(Exercise inputs begins)

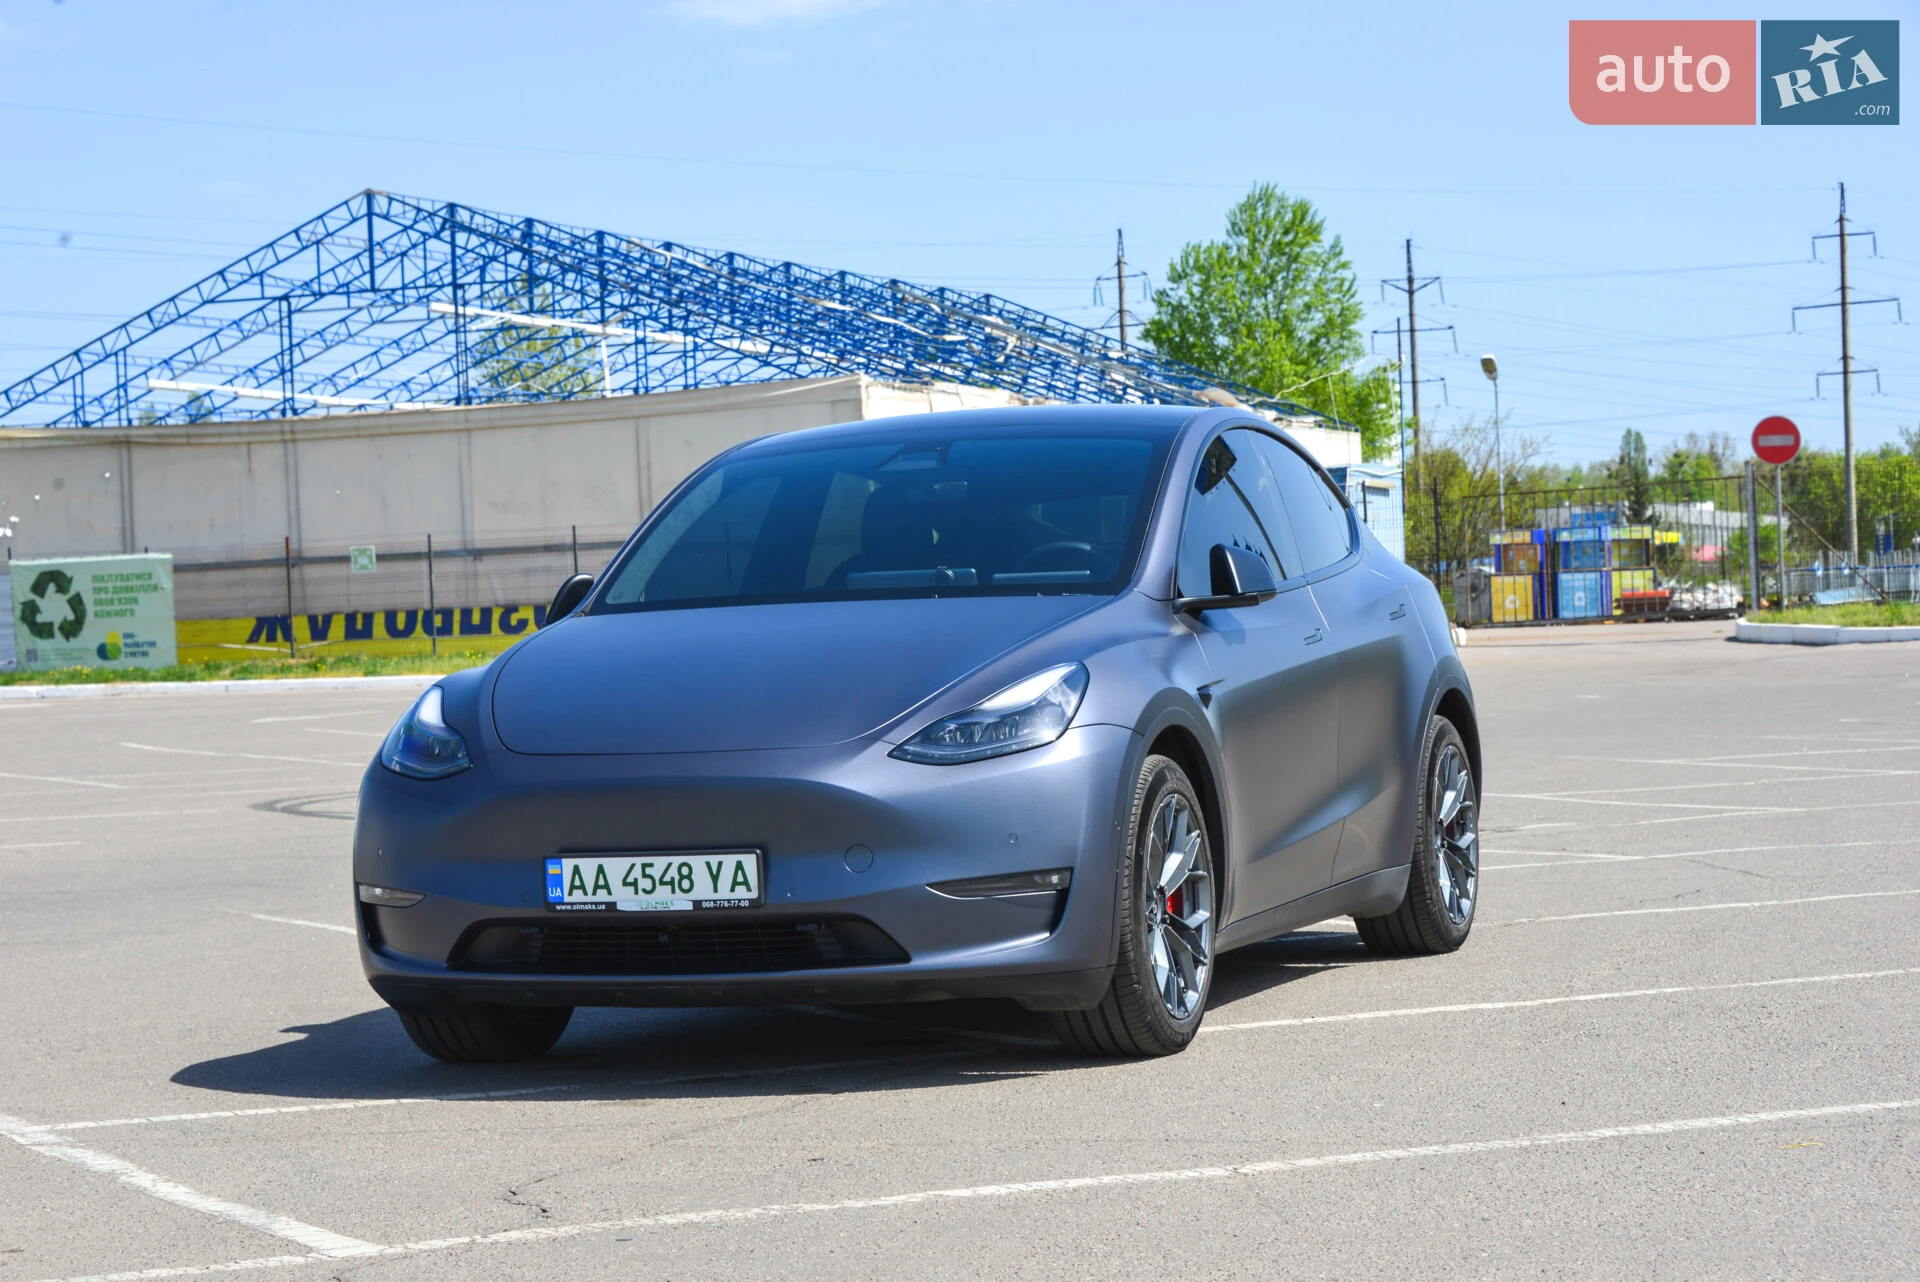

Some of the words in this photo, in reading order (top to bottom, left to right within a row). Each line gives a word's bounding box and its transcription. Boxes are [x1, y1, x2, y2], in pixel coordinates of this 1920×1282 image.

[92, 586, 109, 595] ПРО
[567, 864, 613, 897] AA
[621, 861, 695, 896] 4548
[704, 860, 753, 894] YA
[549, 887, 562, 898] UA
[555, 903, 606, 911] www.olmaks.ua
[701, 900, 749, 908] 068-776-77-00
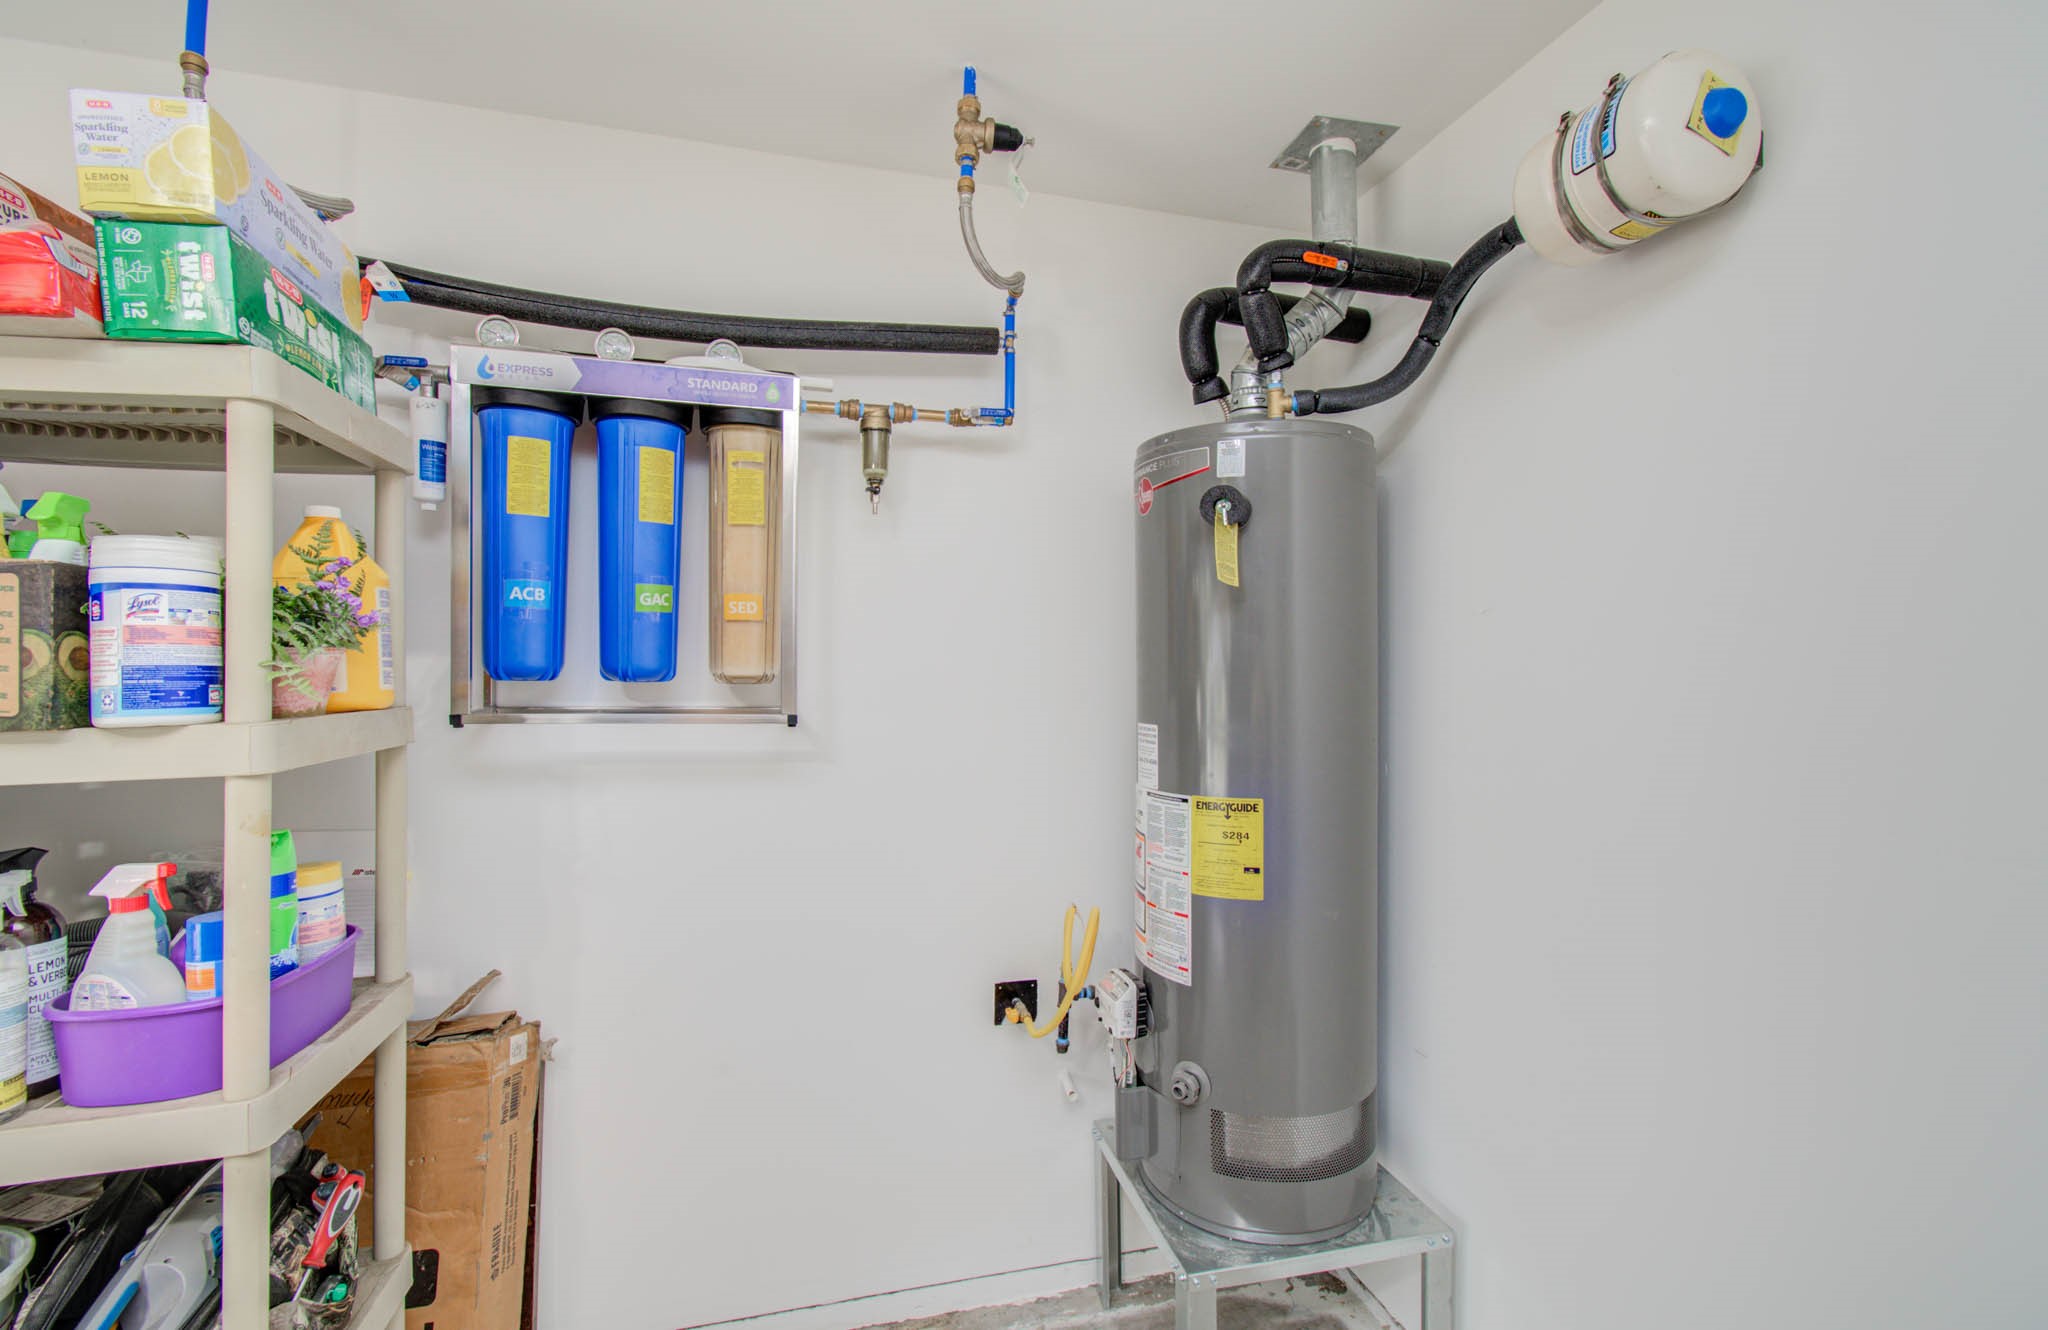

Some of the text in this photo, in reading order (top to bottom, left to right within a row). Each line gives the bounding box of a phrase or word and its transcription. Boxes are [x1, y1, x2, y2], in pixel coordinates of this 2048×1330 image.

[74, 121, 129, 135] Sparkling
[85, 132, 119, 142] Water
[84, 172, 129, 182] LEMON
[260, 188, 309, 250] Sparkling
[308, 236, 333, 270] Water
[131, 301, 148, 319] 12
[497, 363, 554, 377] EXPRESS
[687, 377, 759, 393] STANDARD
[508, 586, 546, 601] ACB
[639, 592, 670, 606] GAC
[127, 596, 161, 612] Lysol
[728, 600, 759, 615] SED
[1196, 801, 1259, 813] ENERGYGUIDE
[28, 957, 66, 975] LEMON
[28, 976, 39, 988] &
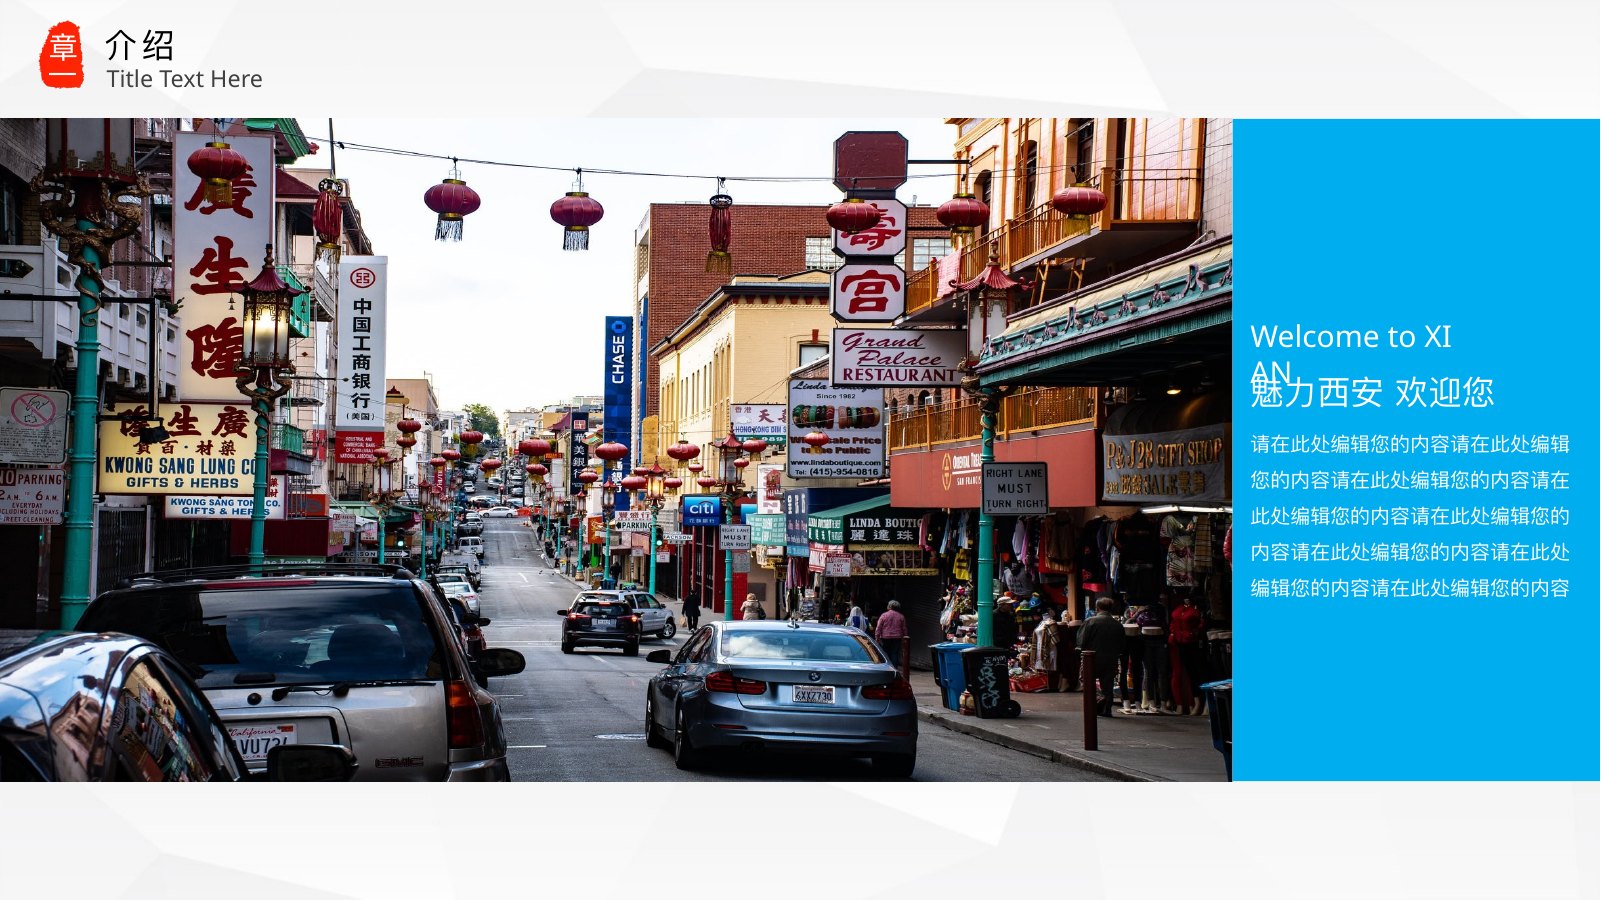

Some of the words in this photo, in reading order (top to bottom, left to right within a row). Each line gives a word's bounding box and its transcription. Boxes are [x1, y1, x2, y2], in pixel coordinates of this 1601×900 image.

(Exercise inputs ends)

- **Work required**:
Extract the full listing exactly, with the pictures left out.

- **Solution to the problem**:
Some of the words in this photo, in reading order (top to bottom, left to right within a row). Each line gives a word's bounding box and its transcription. Boxes are [x1, y1, x2, y2], in pixel coordinates of this 1920×1282 image.

[92, 586, 109, 595] ПРО
[567, 864, 613, 897] AA
[621, 861, 695, 896] 4548
[704, 860, 753, 894] YA
[549, 887, 562, 898] UA
[555, 903, 606, 911] www.olmaks.ua
[701, 900, 749, 908] 068-776-77-00

Some of the text in this photo, in reading order (top to bottom, left to right within a row). Each line gives the bounding box of a phrase or word and its transcription. Boxes are [x1, y1, x2, y2], in pixel coordinates of this 2048×1330 image.

[74, 121, 129, 135] Sparkling
[85, 132, 119, 142] Water
[84, 172, 129, 182] LEMON
[260, 188, 309, 250] Sparkling
[308, 236, 333, 270] Water
[131, 301, 148, 319] 12
[497, 363, 554, 377] EXPRESS
[687, 377, 759, 393] STANDARD
[508, 586, 546, 601] ACB
[639, 592, 670, 606] GAC
[127, 596, 161, 612] Lysol
[728, 600, 759, 615] SED
[1196, 801, 1259, 813] ENERGYGUIDE
[28, 957, 66, 975] LEMON
[28, 976, 39, 988] &

Some of the words in this photo, in reading order (top to bottom, left to right within a row). Each line gives a word's bounding box and its transcription. Boxes are [x1, y1, x2, y2], in pixel coordinates of this 1601×900 image.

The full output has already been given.